In 1868, Zilpha Smith graduated from Boston Girl’s School and soon became a telegrapher in the Commercial Telegraph Office in Boston. While working, she contributed her time as a volunteer in the Cooperative Society, a local relief organization. She then had the opportunity to be a government clerk, and given the assignment to reorganize the index of the Probate Court of Suffolk County. In 1879, Smith was hired to lead the office staff in the newly founded Associated Charities of Boston. In 1884, she was asked to become the director of the registration bureau. This was also the year when Smith gave her first presentation about friendly visiting at the annual meeting of the National Conference of Charities and Corrections held in St. Louis, Missouri. In her presentation, Smith described how her agency was attempting to organize the various charities in the Boston community by enlisting the cooperation of the churches, public services, philanthropists and other relief organizations. The purpose of this effort and its initial structure was described in her 1884 presentation:
“…The Charities of Boston are associated for two purposes:
First, to exchange information privately between charities interested in the same family, through the records and written reports of the central office; and
Second, to secure personal consultations on general subjects and about particular families.”

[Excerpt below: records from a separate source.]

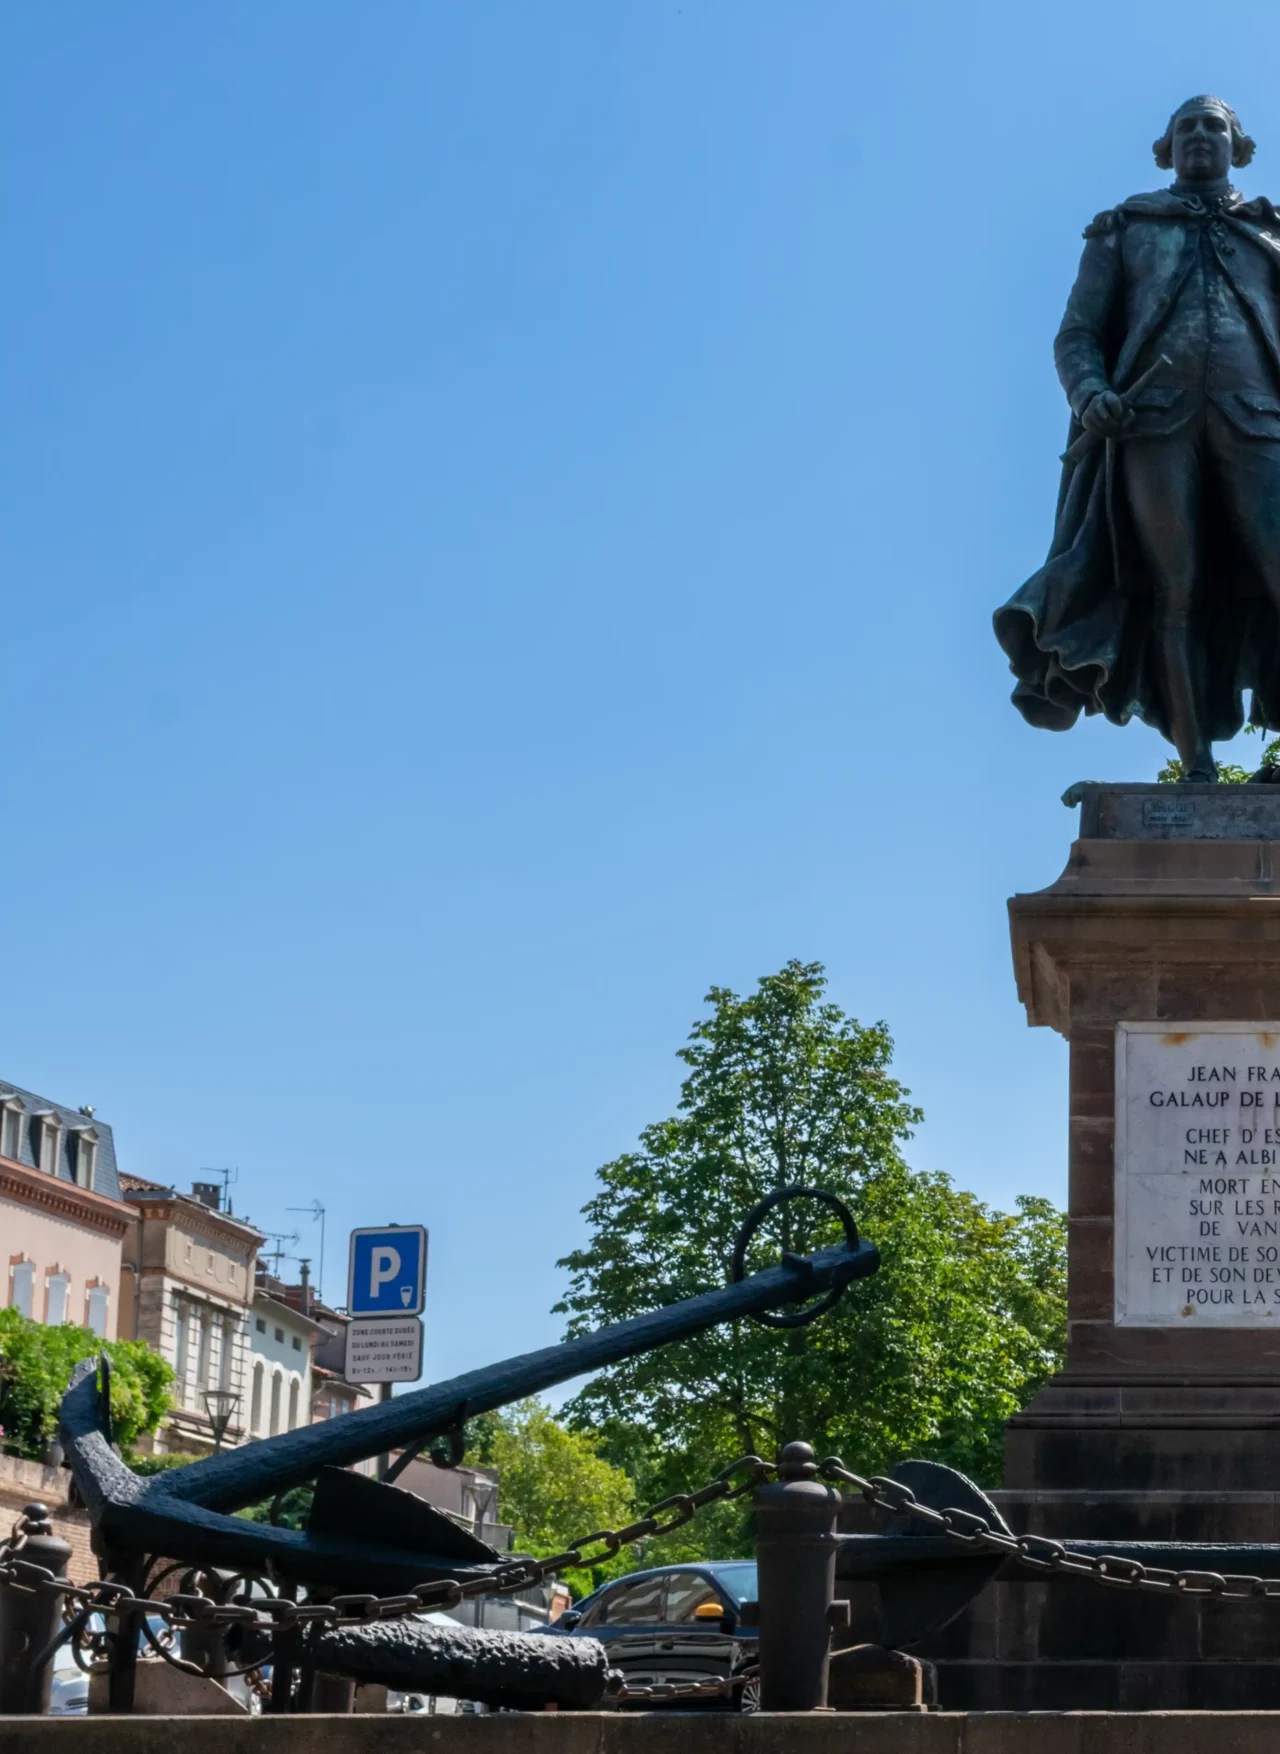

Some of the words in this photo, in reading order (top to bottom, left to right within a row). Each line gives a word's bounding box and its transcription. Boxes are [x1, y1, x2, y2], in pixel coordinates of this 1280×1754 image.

[1186, 1066, 1237, 1082] JEAN
[1148, 1091, 1230, 1107] GALAUP
[1239, 1091, 1265, 1107] DE
[1185, 1128, 1231, 1144] CHEF
[1184, 1150, 1208, 1164] NE
[1214, 1149, 1228, 1164] A
[1235, 1150, 1276, 1164] ALBI
[1199, 1179, 1250, 1194] MORT
[1189, 1200, 1224, 1216] SUR
[1235, 1200, 1265, 1216] LES
[1199, 1221, 1221, 1236] DE
[1145, 1246, 1222, 1262] VICTIME
[1228, 1247, 1250, 1262] DE
[369, 1246, 401, 1298] P
[1151, 1268, 1174, 1283] ET
[1181, 1268, 1203, 1282] DE
[1209, 1268, 1246, 1283] SON
[1185, 1289, 1236, 1304] POUR
[1242, 1290, 1266, 1304] LA
[369, 1327, 393, 1335] COURTE
[394, 1325, 415, 1334] DURÉE
[380, 1340, 389, 1348] AU
[390, 1339, 414, 1347] SAMEDI
[352, 1354, 370, 1362] SAUF
[372, 1353, 391, 1361] JOUR

The records of the central office for the last year concerned nearly 11,000 families.
At the general conferences for the discussion of broad questions, there is usually a fair representation from the various charities of the city; but, as few charities divide their work by districts, it is impossible for those working throughout the city to be represented at each of the fourteen district conference meetings which are held each week. Consultations between the charities about individual families, therefore, must usually be brought about by our visitors or agents, who go from one person to another of those interested in a family, until we are possessed of full knowledge concerning it, and can act upon the advice received or give advice in our turn.

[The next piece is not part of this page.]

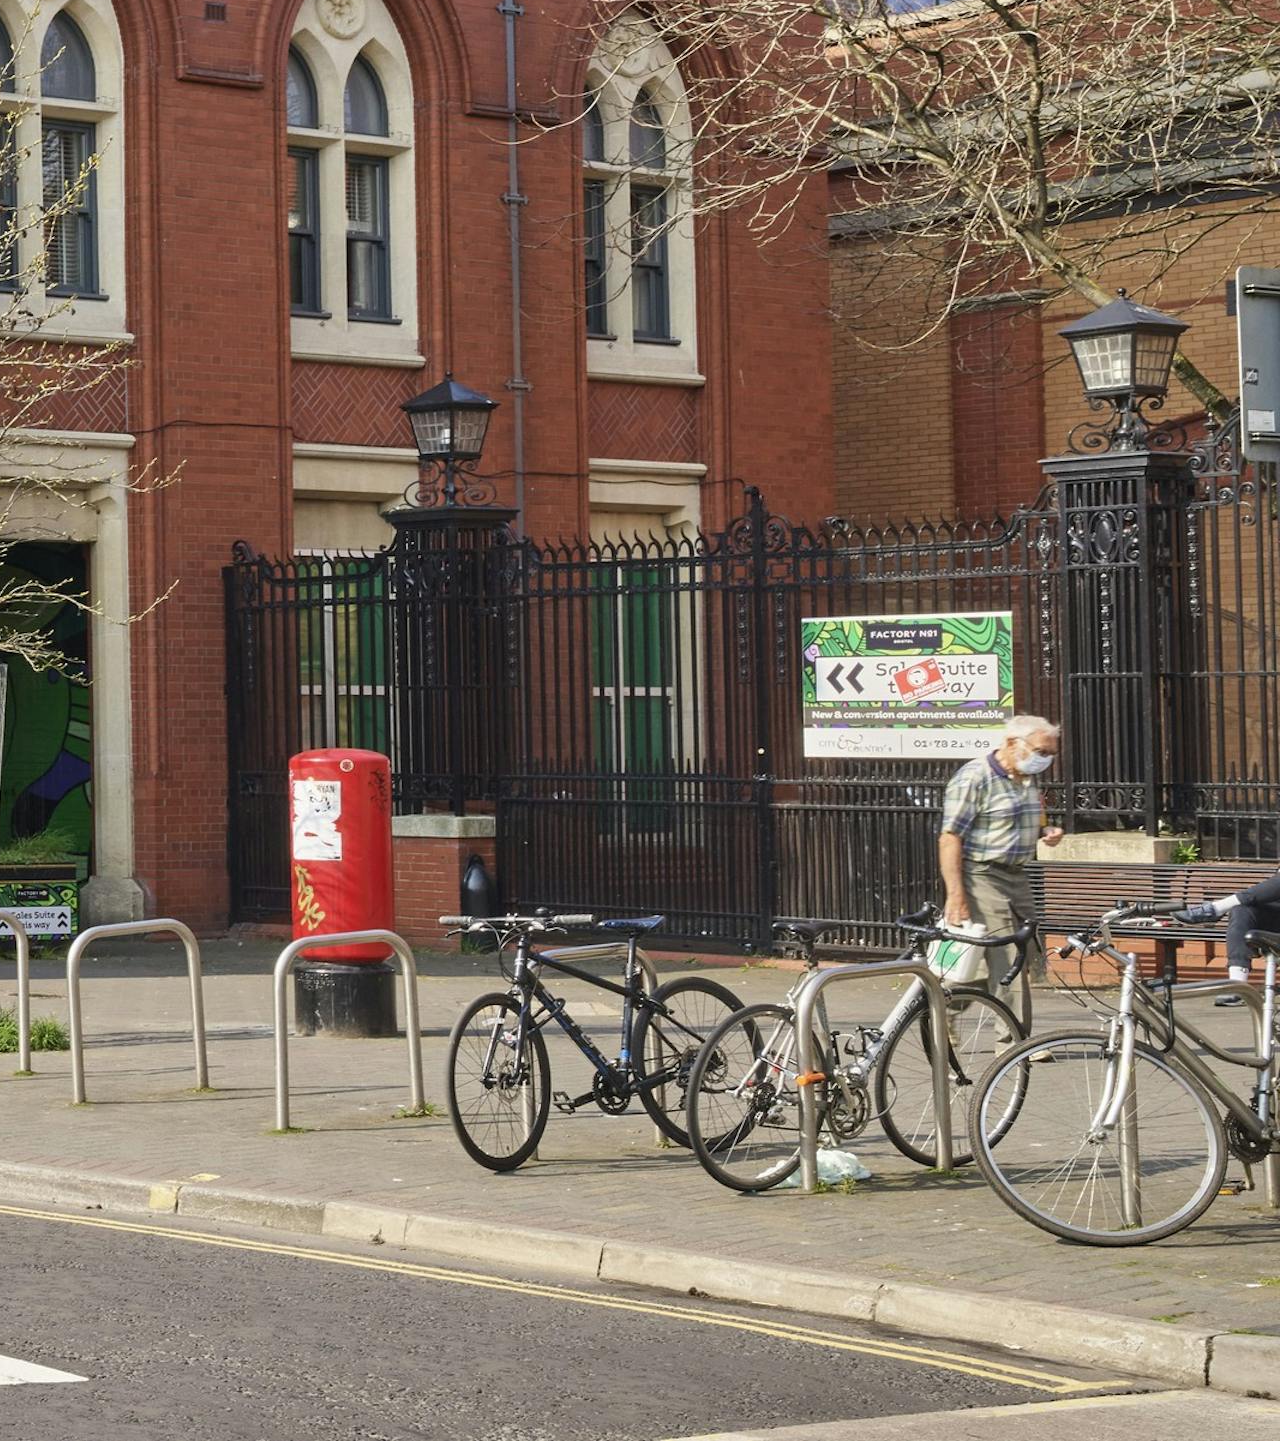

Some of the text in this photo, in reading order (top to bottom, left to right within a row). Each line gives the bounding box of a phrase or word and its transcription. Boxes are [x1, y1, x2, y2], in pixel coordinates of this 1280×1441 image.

[870, 630, 915, 639] FACTORY
[811, 710, 1005, 720] New & conversion apartments available
[34, 911, 56, 920] Suite
[34, 921, 51, 930] way

We are not a relief society. Under our by-laws, we can hold no fund for relief; and we believe that in Boston our society is better off without one. We are on the best of terms with almost all the relief-giving societies and agencies, and the number of those co-operating with us has increased constantly.
We now have over 600 volunteer visitors, who visit about 1,400 families. As a rule, these volunteers are not almsgivers. The conferences and the visitors possess various degrees of efficiency, but many of them are very successful. Were the visitors left to them selves, a large proportion of their work would be weak and fruitless, and perhaps given up entirely. It is of the organization of our district conferences, which strengthen and encourage the work of friendly visitors, that I wish especially to speak.
When we began, five years since, each conference was allowed to work its own way out, under the general plan of hearing reports of visitors at the conference meetings, and acting upon them there. As the number of families in our care increased, it was found that all the visitors could not be heard, and that each family needed more study than could be given in a conference meeting. Various plans were tried; and the one I now describe, proving the most successful, has been adopted by nearly all our larger conferences, and by smaller ones also, except that the work:of the case committee is by them included in that of the executive committee….”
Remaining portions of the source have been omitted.